*Problem statement*:
A word-for-word copy of the records that follow is needed, with every picture omitted.

*Source material*:
= = = =
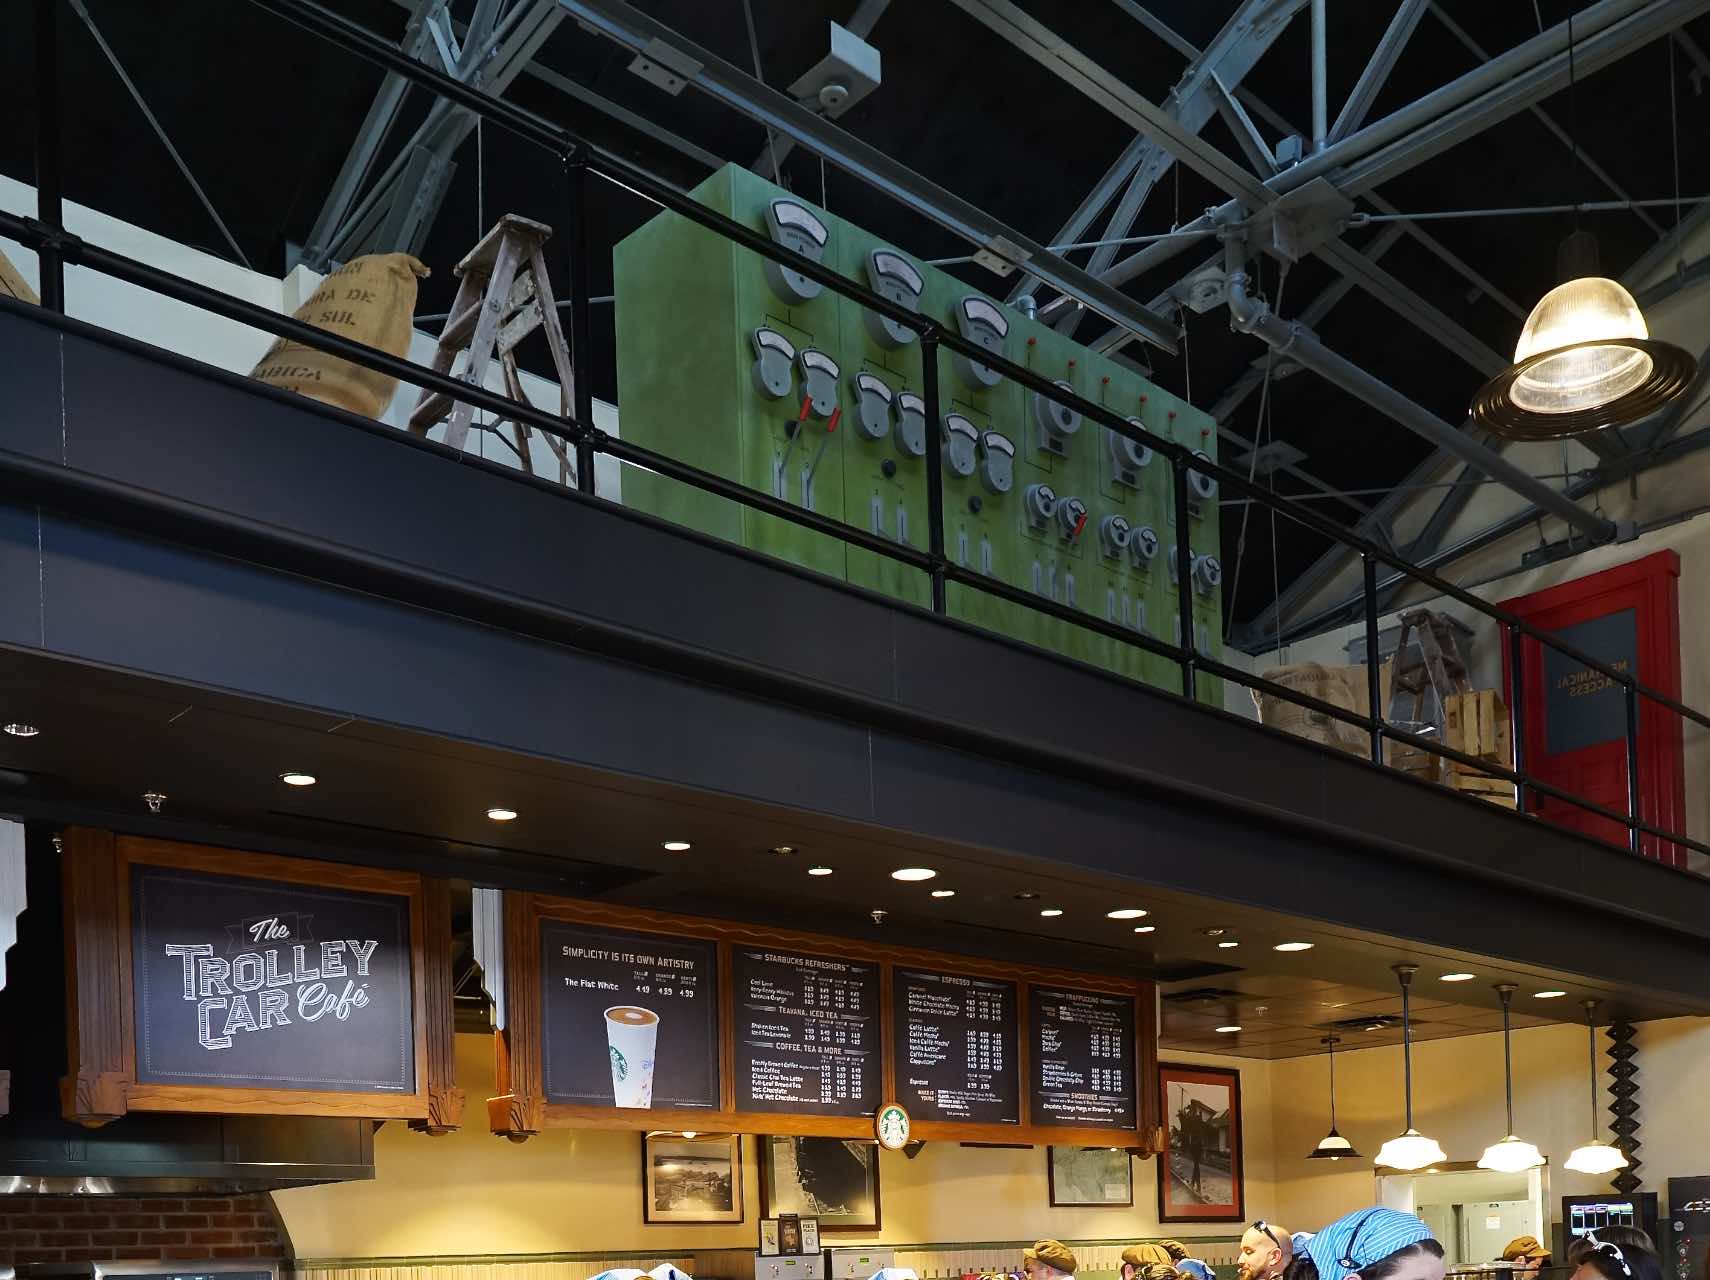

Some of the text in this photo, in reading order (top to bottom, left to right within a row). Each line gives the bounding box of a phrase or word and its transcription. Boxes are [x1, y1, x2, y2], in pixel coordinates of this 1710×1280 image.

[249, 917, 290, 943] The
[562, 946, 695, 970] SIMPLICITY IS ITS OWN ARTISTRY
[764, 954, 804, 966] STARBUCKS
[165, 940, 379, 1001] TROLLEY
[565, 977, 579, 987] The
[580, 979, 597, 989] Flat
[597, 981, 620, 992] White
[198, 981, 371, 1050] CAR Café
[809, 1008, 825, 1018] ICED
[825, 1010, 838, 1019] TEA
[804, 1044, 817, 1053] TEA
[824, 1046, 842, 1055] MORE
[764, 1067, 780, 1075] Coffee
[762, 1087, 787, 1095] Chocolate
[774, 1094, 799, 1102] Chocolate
= = = =
*Answer below*:
Some of the text in this photo, in reading order (top to bottom, left to right within a row). Each line gives the bounding box of a phrase or word and its transcription. Boxes are [x1, y1, x2, y2], in pixel coordinates of this 1710×1280 image.

[249, 917, 290, 943] The
[562, 946, 695, 970] SIMPLICITY IS ITS OWN ARTISTRY
[764, 954, 804, 966] STARBUCKS
[165, 940, 379, 1001] TROLLEY
[565, 977, 579, 987] The
[580, 979, 597, 989] Flat
[597, 981, 620, 992] White
[198, 981, 371, 1050] CAR Café
[809, 1008, 825, 1018] ICED
[825, 1010, 838, 1019] TEA
[804, 1044, 817, 1053] TEA
[824, 1046, 842, 1055] MORE
[764, 1067, 780, 1075] Coffee
[762, 1087, 787, 1095] Chocolate
[774, 1094, 799, 1102] Chocolate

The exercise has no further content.